Business & Tech

Immigrants in Quebec: needed but often unwanted as election nears

Anti-immigrant sentiment is butting up against an acute labor shortage in Canada's mostly French-speaking Quebec province ahead of a general election there on Monday.

"Hiring" signs are seen outside most businesses in the city of Saint-Georges, about 300 kilometres (185 miles) northeast of Montreal
"Hiring" signs are seen outside most businesses in the city of Saint-Georges, about 300 kilometres (185 miles) northeast of Montreal (AFP)

Anti-immigrant sentiment is butting up against an acute labor shortage in Canada's mostly French-speaking Quebec province ahead of a general election there on Monday.

Two of the province's four major political parties have vowed to cut immigration despite employers saying they need more than 100,000 skilled workers, amid record-low rates of unemployment.

Francois Legault, leader of the Coalition Avenir Quebec (CAQ), which is leading in the polls, has suggested that immigration threatens Quebec's cultural identity.
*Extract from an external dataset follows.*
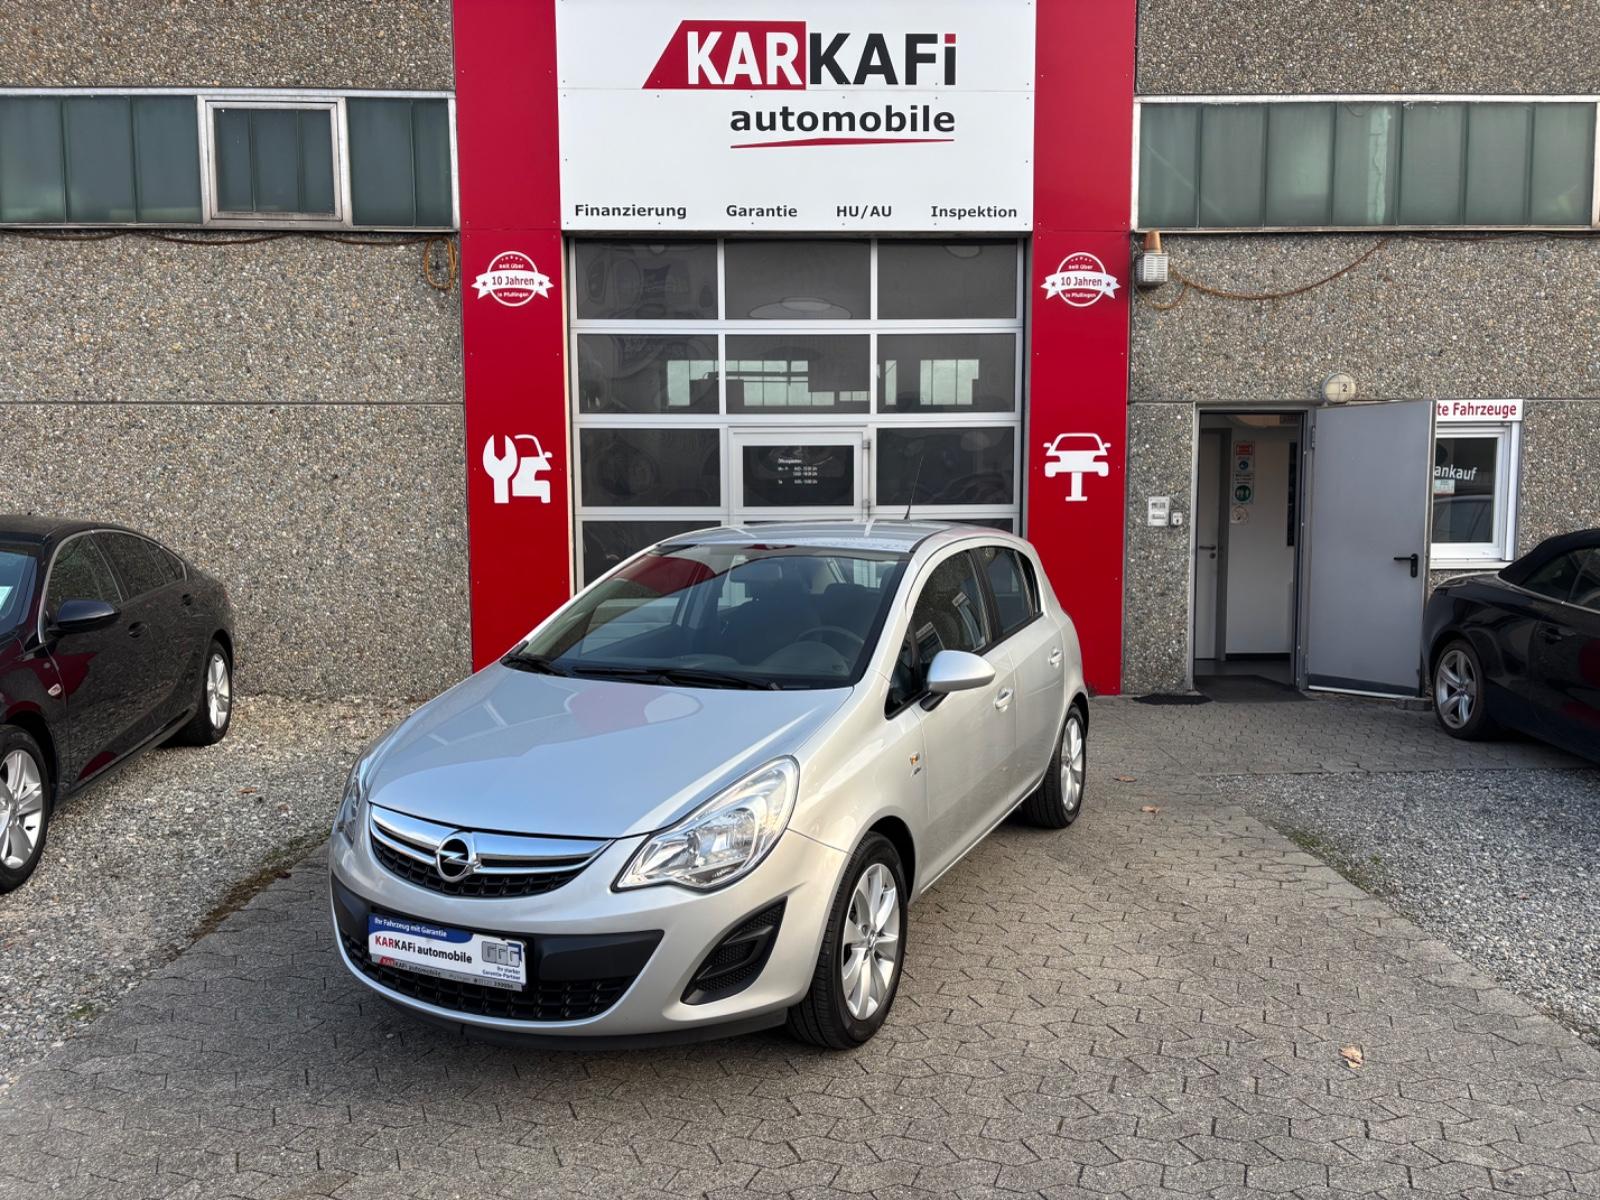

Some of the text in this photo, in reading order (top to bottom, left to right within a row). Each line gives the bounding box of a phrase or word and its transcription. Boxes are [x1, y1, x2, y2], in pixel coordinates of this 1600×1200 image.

He has vowed to cut it by 20 percent in 2019, if elected.

He also said he would deport any immigrants who failed a "Quebec values" test or who did not learn French within three years of arriving in the province.

Quebec Premier Philippe Couillard, whose Liberals face an uphill re-election battle after almost 15 years in office, accused the CAQ leader of "scaremongering."

But polls show there is substantial popular support in Quebec for curbs on immigration.

A recent Leger survey for the Huffington Post found that 48 percent of Quebecers support immigration while 38 percent see it as a growing problem.

A surge in asylum seekers from the United States since Donald Trump was elected president in 2016 has strained government services, fueling the anti-migrant views.

'Hiring' signs

In the city of Saint-Georges, about 300 kilometers (185 miles) northeast of Montreal, "hiring" signs hang outside most businesses.

"I can understand that people want Quebecers to be hired first and foremost, which we try to do, but there's none or few available," said Louise Couture, a human resources official at semitrailer manufacturer Manac.

The regional development organization estimates that 5,000 positions for welders, machinists, cargo handlers and programmers in the area are going unfilled.

"We need to bring in a new workforce. We feel the same need in all regions of Quebec. That's why immigration is one of the solutions," the agency's Melanie Poulin told AFP.

The local unemployment rate is 2.6 percent, compared with 5.6 percent for the province and 6.0 percent for all of Canada.

A sign outside Couture's office proudly notes Manac's 82 hires since January. The company offers a starting salary that is 40 percent higher than the minimum wage -- yet that is not enough.

"Hiring foreign workers helps to meet our delivery deadlines," said Couture.

"Without immigration, we could not have the growth we currently have," said Sylvain Bernard, human resources director at OSI Machinery. "The shortage of manpower is a handicap for Quebec."

His company decided in 2012 to recruit directly from abroad and now employs six workers from Costa Rica, one from China and nine recently hired Tunisians, four of whom are still awaiting visas.

The immigration process is "so long and painful," Bernard complained.

If immigration procedures were simpler and faster, Couture said, 22 foreign workers, including a first group from Cameroon, could "start tomorrow" at Manac.

Wedge issue

Demographer Yves Carriere told AFP that politicians have turned immigration into a wedge issue in the coming election.

The Liberals hope to solidify their base, which includes immigrants and Quebec's anglophone minority in Montreal.

The CAQ and the Parti Quebecois, meanwhile, are targeting mostly French-speaking suburban and rural voters.

But amid the focus on language, University of Montreal professor Marie-Therese Chicha lamented how many skilled immigrants are forced to take low-paying jobs for which they are highly overqualified, because Quebec does not recognize their foreign diplomas.

Since 2015, Quebec has welcomed an average of 50,000 immigrants and refugees a year.

But the number of French-speaking newcomers has fallen from 56 percent in 2015 to 42 percent last year, and increasingly they have settled in metropolitan Montreal instead of the outlying areas where French is predominantly spoken.

Legault suggested that if the trend continues, "our grandchildren may not speak French."

Critics have called his remarks alarmist, noting that while some newcomers may never learn French, their children will all be educated in the language of Moliere.

When Ronald Carvajal, a welder, arrived from Costa Rica five years ago, he spoke French "pantoute," he said, using Quebec slang for "not at all" and speaking in a blended Latin-Quebec accent.

After intensive language courses offered by the government, he is now bilingual and is proud to be able to read the works of acclaimed French-Canadian novelists such as Michel Tremblay.

"I want to make my life here, and die here," said Carvajal, who is 33. "I would like to buy property here, to have my cottage, to retire here."